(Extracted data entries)
———

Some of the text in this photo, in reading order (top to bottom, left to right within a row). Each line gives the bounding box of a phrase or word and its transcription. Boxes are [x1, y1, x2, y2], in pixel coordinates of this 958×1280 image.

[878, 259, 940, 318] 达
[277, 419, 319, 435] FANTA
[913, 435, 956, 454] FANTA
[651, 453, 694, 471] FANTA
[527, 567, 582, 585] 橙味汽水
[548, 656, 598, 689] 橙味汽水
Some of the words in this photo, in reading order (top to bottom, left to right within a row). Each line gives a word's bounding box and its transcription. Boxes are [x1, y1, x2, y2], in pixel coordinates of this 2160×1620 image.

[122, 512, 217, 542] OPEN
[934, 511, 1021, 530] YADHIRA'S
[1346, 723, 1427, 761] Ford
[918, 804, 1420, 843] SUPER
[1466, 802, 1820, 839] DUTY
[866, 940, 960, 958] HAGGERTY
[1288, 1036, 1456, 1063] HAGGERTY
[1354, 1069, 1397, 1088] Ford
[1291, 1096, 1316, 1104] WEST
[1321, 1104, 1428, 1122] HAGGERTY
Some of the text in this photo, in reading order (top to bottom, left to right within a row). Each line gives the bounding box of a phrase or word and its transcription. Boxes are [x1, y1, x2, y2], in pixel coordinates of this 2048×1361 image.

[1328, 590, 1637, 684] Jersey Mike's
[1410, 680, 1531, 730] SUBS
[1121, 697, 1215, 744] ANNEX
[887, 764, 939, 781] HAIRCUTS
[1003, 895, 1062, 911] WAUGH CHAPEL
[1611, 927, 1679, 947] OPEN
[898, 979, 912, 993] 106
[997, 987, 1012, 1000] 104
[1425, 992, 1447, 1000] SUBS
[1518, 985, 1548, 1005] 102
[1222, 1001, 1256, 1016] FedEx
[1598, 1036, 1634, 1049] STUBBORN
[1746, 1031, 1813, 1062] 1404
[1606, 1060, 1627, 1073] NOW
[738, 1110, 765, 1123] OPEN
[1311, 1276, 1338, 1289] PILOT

———

* **Required action**:
I'd like the records returned exactly as they were written, please.

* **Answer for the task**:
Some of the text in this photo, in reading order (top to bottom, left to right within a row). Each line gives the bounding box of a phrase or word and its transcription. Boxes are [x1, y1, x2, y2], in pixel coordinates of this 958×1280 image.

[878, 259, 940, 318] 达
[277, 419, 319, 435] FANTA
[913, 435, 956, 454] FANTA
[651, 453, 694, 471] FANTA
[527, 567, 582, 585] 橙味汽水
[548, 656, 598, 689] 橙味汽水
Some of the words in this photo, in reading order (top to bottom, left to right within a row). Each line gives a word's bounding box and its transcription. Boxes are [x1, y1, x2, y2], in pixel coordinates of this 2160×1620 image.

[122, 512, 217, 542] OPEN
[934, 511, 1021, 530] YADHIRA'S
[1346, 723, 1427, 761] Ford
[918, 804, 1420, 843] SUPER
[1466, 802, 1820, 839] DUTY
[866, 940, 960, 958] HAGGERTY
[1288, 1036, 1456, 1063] HAGGERTY
[1354, 1069, 1397, 1088] Ford
[1291, 1096, 1316, 1104] WEST
[1321, 1104, 1428, 1122] HAGGERTY
Some of the text in this photo, in reading order (top to bottom, left to right within a row). Each line gives the bounding box of a phrase or word and its transcription. Boxes are [x1, y1, x2, y2], in pixel coordinates of this 2048×1361 image.

[1328, 590, 1637, 684] Jersey Mike's
[1410, 680, 1531, 730] SUBS
[1121, 697, 1215, 744] ANNEX
[887, 764, 939, 781] HAIRCUTS
[1003, 895, 1062, 911] WAUGH CHAPEL
[1611, 927, 1679, 947] OPEN
[898, 979, 912, 993] 106
[997, 987, 1012, 1000] 104
[1425, 992, 1447, 1000] SUBS
[1518, 985, 1548, 1005] 102
[1222, 1001, 1256, 1016] FedEx
[1598, 1036, 1634, 1049] STUBBORN
[1746, 1031, 1813, 1062] 1404
[1606, 1060, 1627, 1073] NOW
[738, 1110, 765, 1123] OPEN
[1311, 1276, 1338, 1289] PILOT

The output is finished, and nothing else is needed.